Paris[4] reported no significant differences between the different forms of outputs. However, the loss function is one of the possible information that can be used to obtain these weights.
The proposal is to use the correlation coefficient for updating the weights, it has been observed that it has direct influence on the minimization of the loss function.
The same coefficient can also be used in the final combination of the predictors. The correlation coefficient is a metric function that measures the association degree between two variables. The method BCC is based on this metric and the algorithm is showed at Figure 2.
\begin{figure}[!htbp]
{\bf Given: $(x_1,y_1),\ldots(x_m,y_m)$,$Y \in R $}
Initialize $D_1(i)=1/m$
For $t=1 \ldots T:$
\begin{itemize}
\item Train base learner using distribution $D_t$
\item Get base hypothesis $h_t:X \rightarrow \mathsf{R}$
\item Evaluate Loss Function
{\footnotesize
\begin{equation}
L_i(t)=1-exp\left(\displaystyle \frac{|h_t(x_i)-y_i|}{max_{i=1,\ldots,m}|h_t(x_i)-y_i|}\right)
\end{equation}}
\item Update:
\begin{equation}
D_{t+1}(i)=\displaystyle \frac{\rho(h_t(x),y)D_t(i)^{1-L_i}}{Z_t}
\end{equation}
$\rho_t=\rho(h_t(x),y)$ is the Pearson Correlation Coefficient between $h_t(x)$ and $y$ evaluated in the training sample.
$Z_t$ is a normalization factor
\end{itemize}
Output the final classifier
{\footnotesize
\begin{equation}
F(x) = \sum_{t=1}^T \displaystyle \frac{\rho_t h_t(x)}{\sum_{t=1}^T \rho_t}
\end{equation}
}
\caption{Boosting with Correlation Coefficient}
\end{figure}
\section{Time Series Forecasting}
In this section, we compare the GPs performance with GP using traditional Boosting and the new Boosting algorithm (BCC) using as base learner a GP algorithm. The results are also compared with the Box and Jenkins[10] traditional statistical methodology. We also present the main steps followed to configure the GP algorithm, GPBoost, BCC and Box and Jenkins methodology. Three experiments have been carried out: one exploring benchmark time series, another one is about financial time series including a trade analysis and the last one is a widespread Monte Carlo simulation covering the entire ARMA parametric space.
\subsection{Forecasting using Box \& Jenkins Methodology}
In order to allow a comparison with traditional methods, we used the ARMA(p,q) (AutoRegressive Moving Average) models, where p and q are the autoregressive and moving average order parameters. The best model for each data set was selected using the AIC criterion, with p and q varying between 0 and 4. These models were adjusted using the free statistical software R [14], and the predictions values were evaluated for each test dataset. The ARMA model can be represented by the equation:
\begin{equation}
Z_t = \delta + \phi_1 Z_{t-1}+\ldots \phi_p Z_{t-p} +\theta_1 a_{t-1}+\ldots+\theta_q a_{t-q} +a_t
\end{equation}
where $\delta$ is a constant term, $\phi_i$ are the autoregressive parameters and $\theta_i$ are the moving average parameters, $a_t$ is white noise and $Z_t$ is the time series value at time t.
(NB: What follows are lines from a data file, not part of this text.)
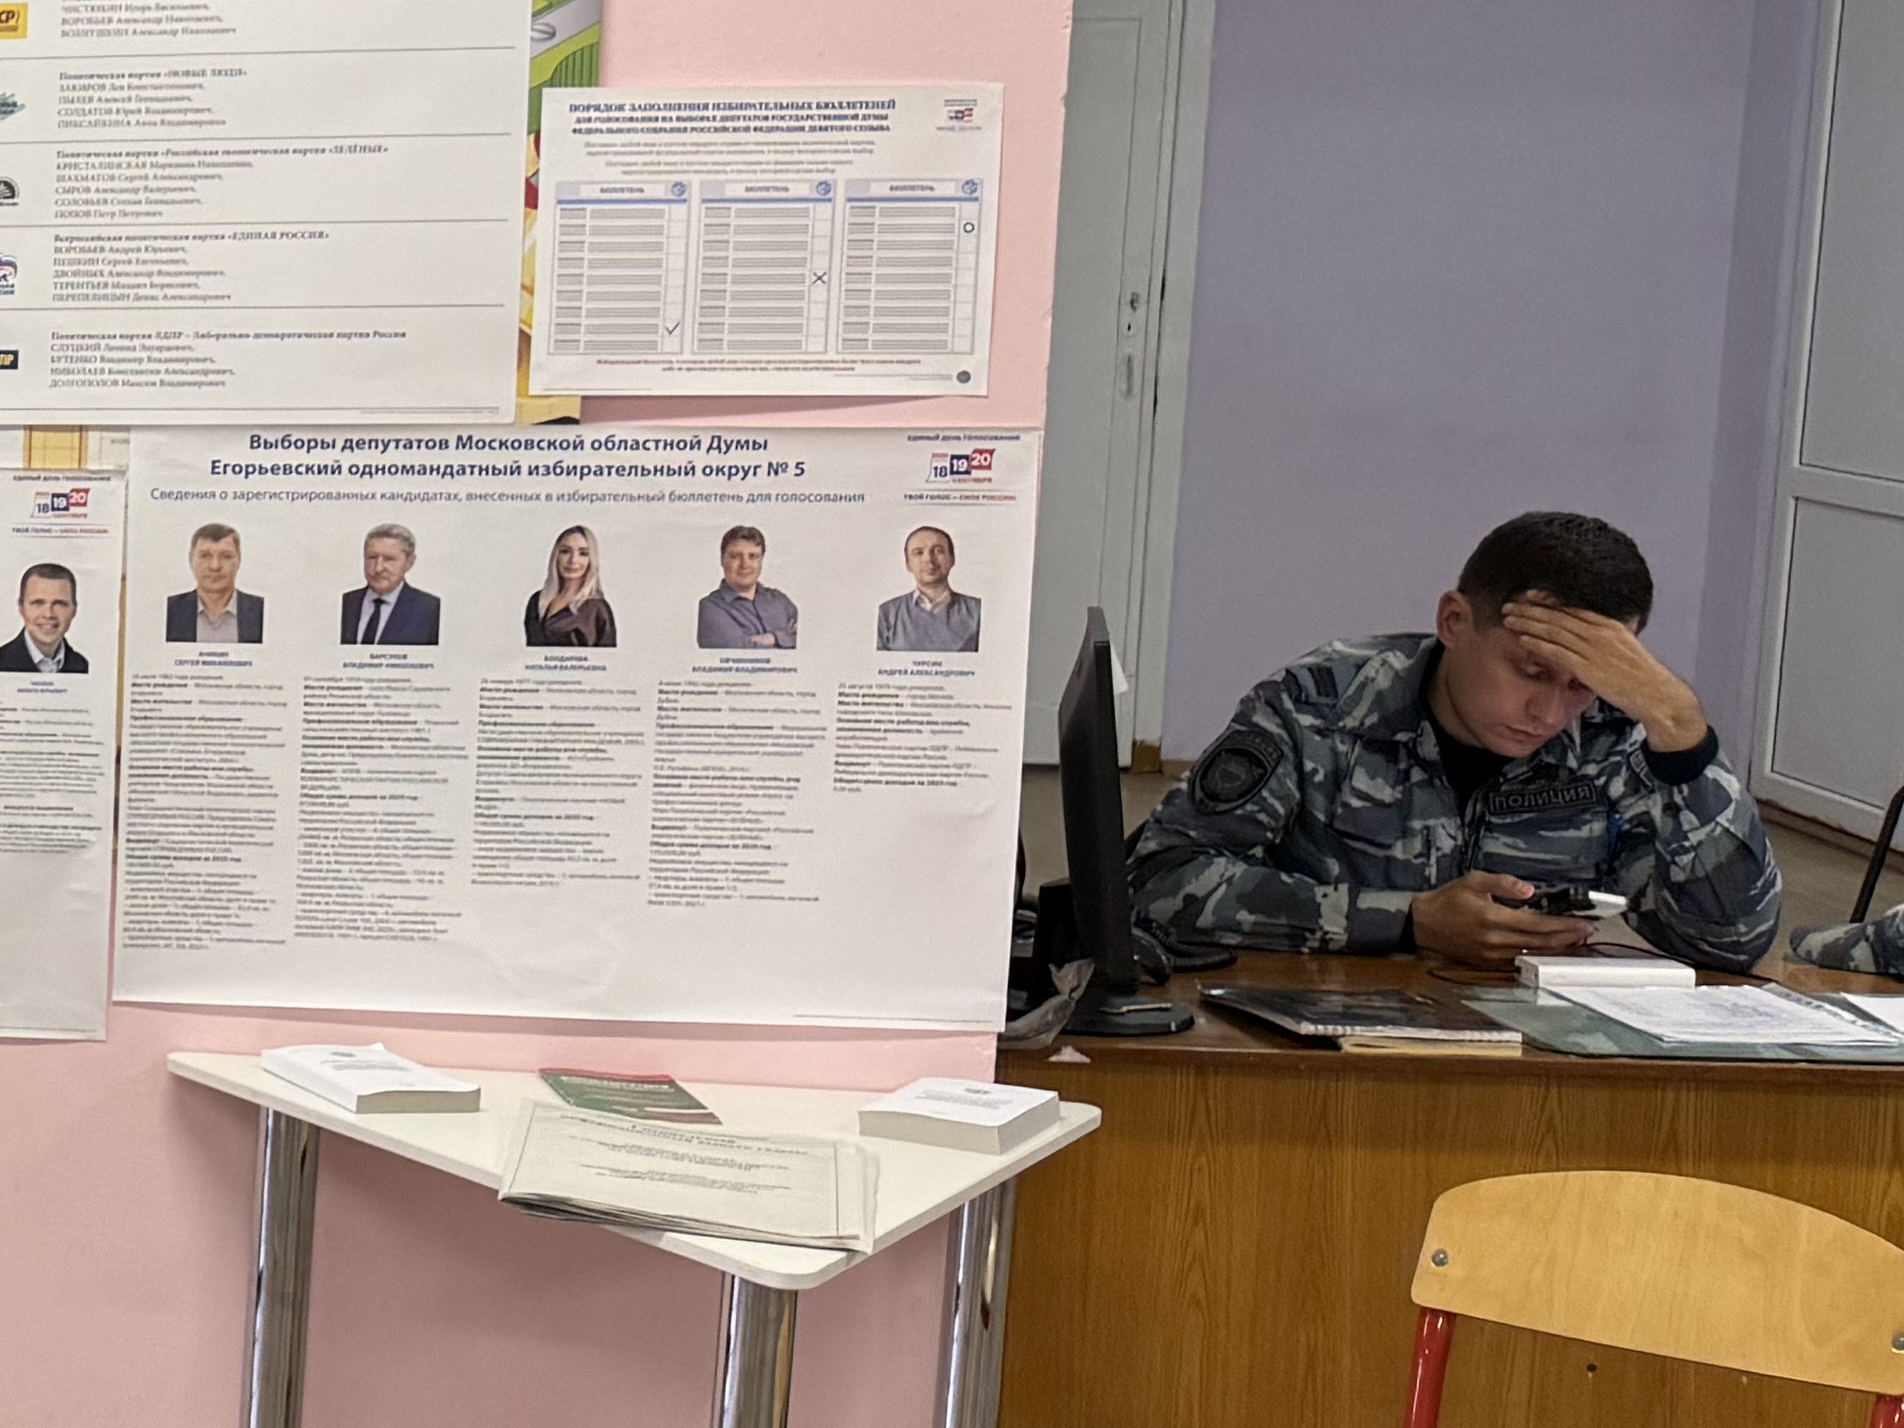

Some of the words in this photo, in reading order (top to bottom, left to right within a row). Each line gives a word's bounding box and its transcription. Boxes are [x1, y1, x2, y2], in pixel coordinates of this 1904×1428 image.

[249, 433, 336, 453] Выборы
[340, 438, 449, 453] депутатов
[455, 434, 584, 450] Московской
[590, 434, 701, 451] областной
[705, 434, 768, 454] Думы
[210, 459, 342, 478] Егорьевский
[347, 460, 521, 478] одномандатный
[527, 460, 695, 479] избирательный
[701, 464, 762, 481] округ
[766, 461, 788, 476] №
[793, 461, 805, 477] 5
[933, 465, 947, 479] 18
[952, 457, 968, 472] 19
[971, 451, 990, 466] 20
[1495, 784, 1590, 808] ПОЛИЦИЯ
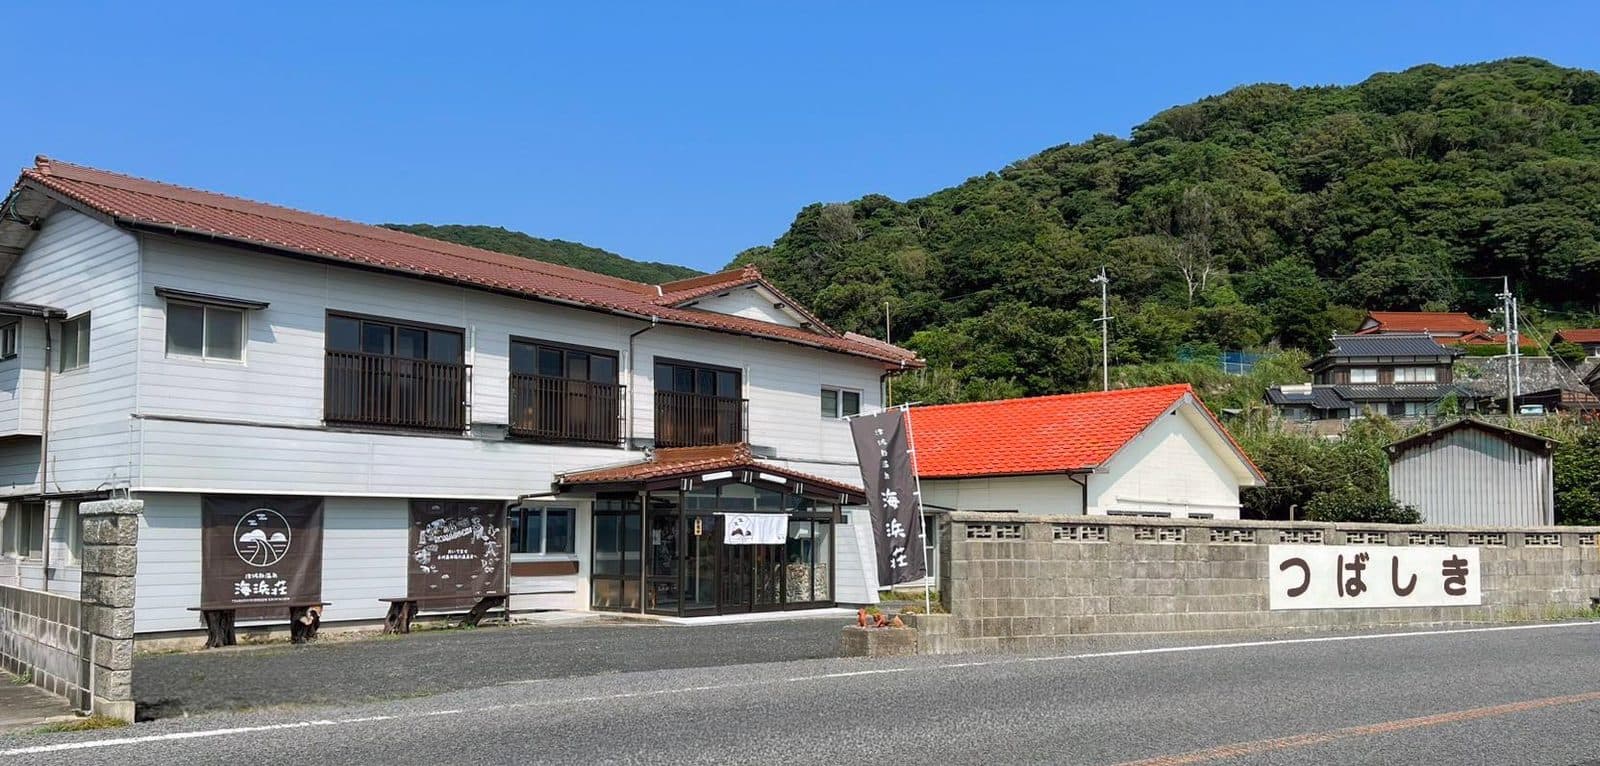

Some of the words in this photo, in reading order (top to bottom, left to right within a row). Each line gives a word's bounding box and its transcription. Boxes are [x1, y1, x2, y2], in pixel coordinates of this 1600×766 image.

[880, 488, 909, 569] 海浜荘
[234, 580, 288, 597] 海浜荘
[1279, 551, 1469, 598] つばしき
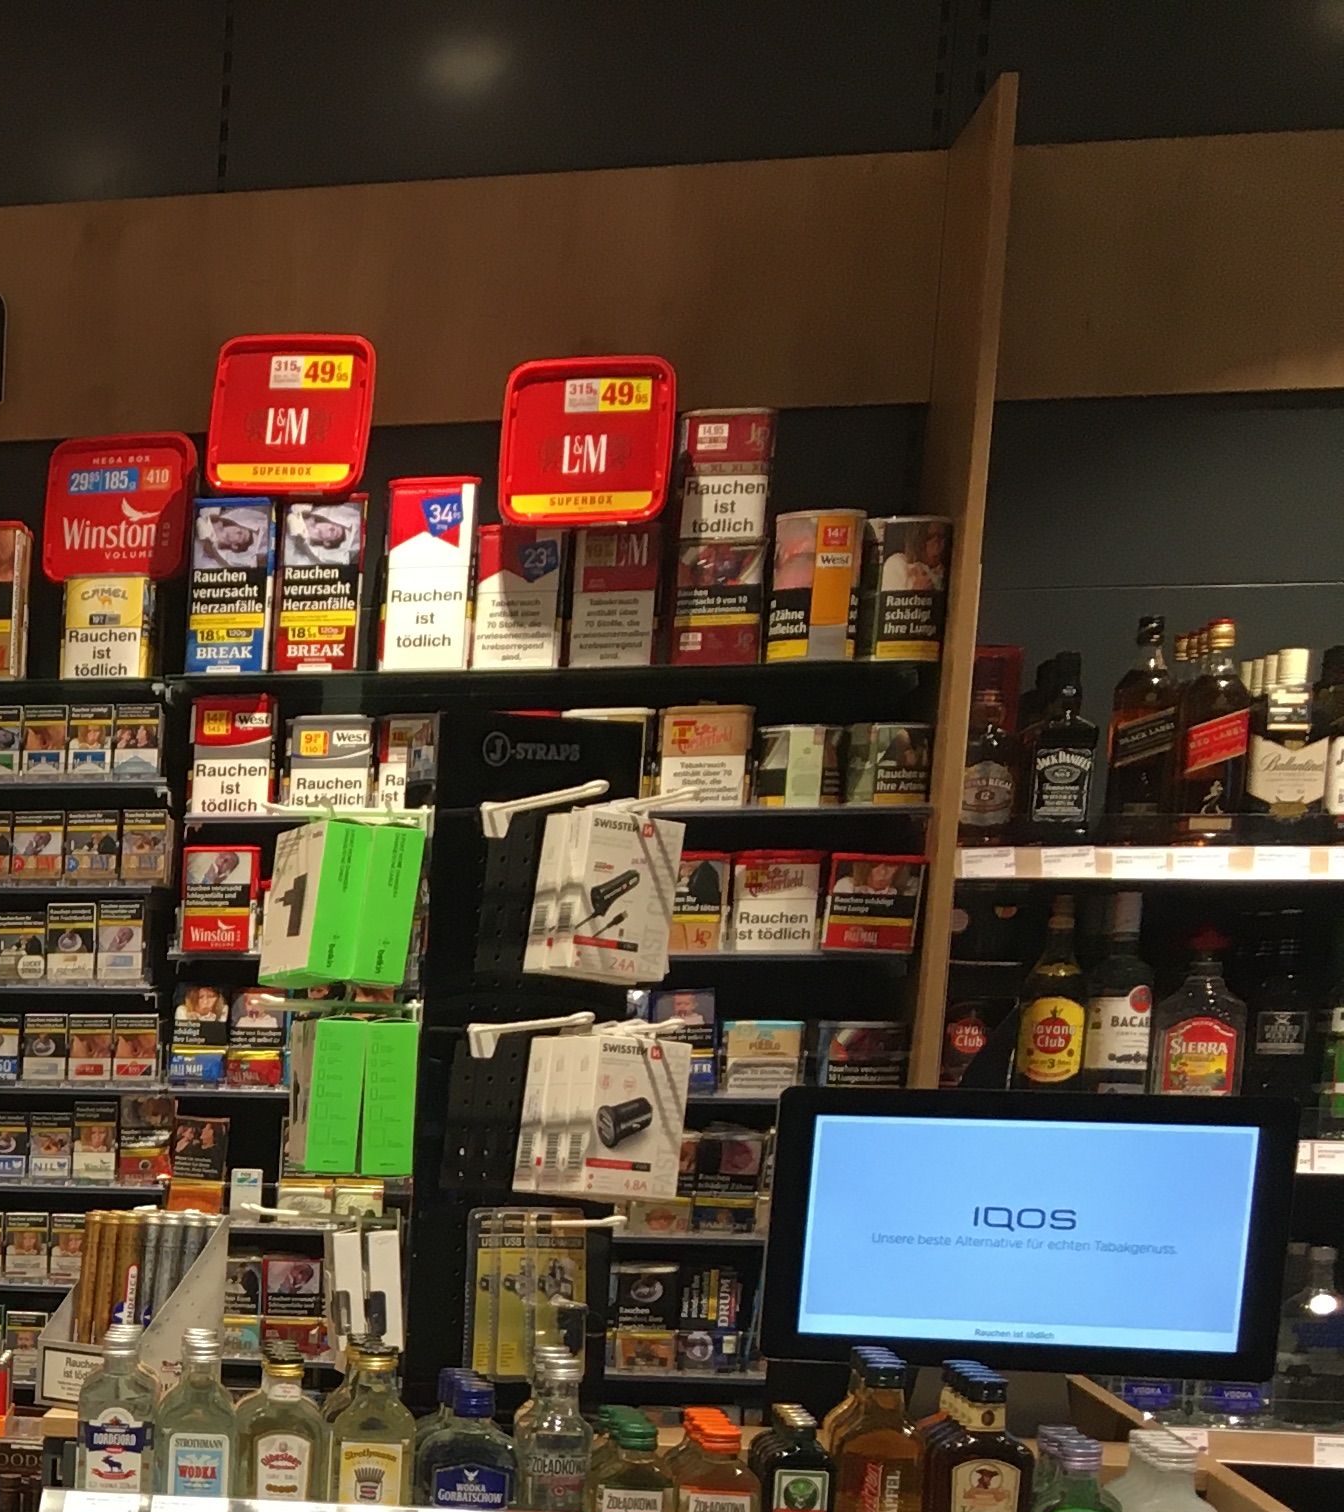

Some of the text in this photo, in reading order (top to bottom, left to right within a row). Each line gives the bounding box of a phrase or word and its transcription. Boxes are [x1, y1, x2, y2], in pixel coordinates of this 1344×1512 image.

[265, 407, 309, 446] L&M
[93, 455, 151, 465] MEGA BOX
[562, 433, 607, 475] L&M
[252, 465, 312, 476] SUPERBOX
[686, 479, 766, 496] Rauchen
[549, 495, 613, 507] SUPERBOX
[714, 498, 736, 515] ist
[692, 516, 755, 534] tödlich
[63, 516, 156, 551] Winston
[105, 549, 154, 560] VOLUME
[193, 569, 247, 584] Rauchen
[284, 566, 339, 581] Rauchen
[81, 588, 128, 601] CAMEL
[193, 584, 258, 599] verursacht
[283, 582, 350, 596] verursacht
[391, 588, 463, 604] Rauchen
[192, 599, 262, 615] Herzanfälle
[282, 597, 355, 612] Herzanfälle
[886, 594, 933, 607] Rauchen
[415, 611, 435, 625] ist
[885, 607, 931, 623] schädigt
[69, 629, 136, 643] Rauchen
[396, 633, 451, 649] tödlich
[92, 646, 111, 660] ist
[196, 645, 252, 660] BREAK
[286, 643, 345, 658] BREAK
[74, 661, 127, 677] tödlich
[238, 714, 270, 728] West
[335, 731, 368, 746] West
[196, 764, 267, 777] Rauchen
[220, 782, 240, 794] ist
[296, 778, 362, 790] Rauchen
[202, 798, 257, 813] tödlich
[739, 912, 808, 925] Rauchen
[190, 926, 235, 943] Winston
[758, 927, 811, 941] tödlich
[1169, 1039, 1228, 1056] SIERRA
[973, 1206, 1077, 1232] IQOS
[872, 1232, 1178, 1256] Unsere beste Alternative für echten Tabakgenuss.
[719, 1271, 731, 1329] DRUM
[975, 1328, 1055, 1341] Rauchen ist tödlich
[175, 1438, 223, 1449] STROTHMANN
[178, 1465, 217, 1479] WODKA
[438, 1488, 503, 1504] GORBATSCHOW
\subsection{Configuration of the GP, GPBoost and BCC}
To apply these algorithms, we used the Lil-GP 1.0 [11] free software implemented according to Koza's GP[5]. For each problem to be solved by the tool, it is necessary to provide configuration files, standard GP parameters, functions and variables to be used for discovering the models input and output files (training set) and to specify the fitness function evaluation.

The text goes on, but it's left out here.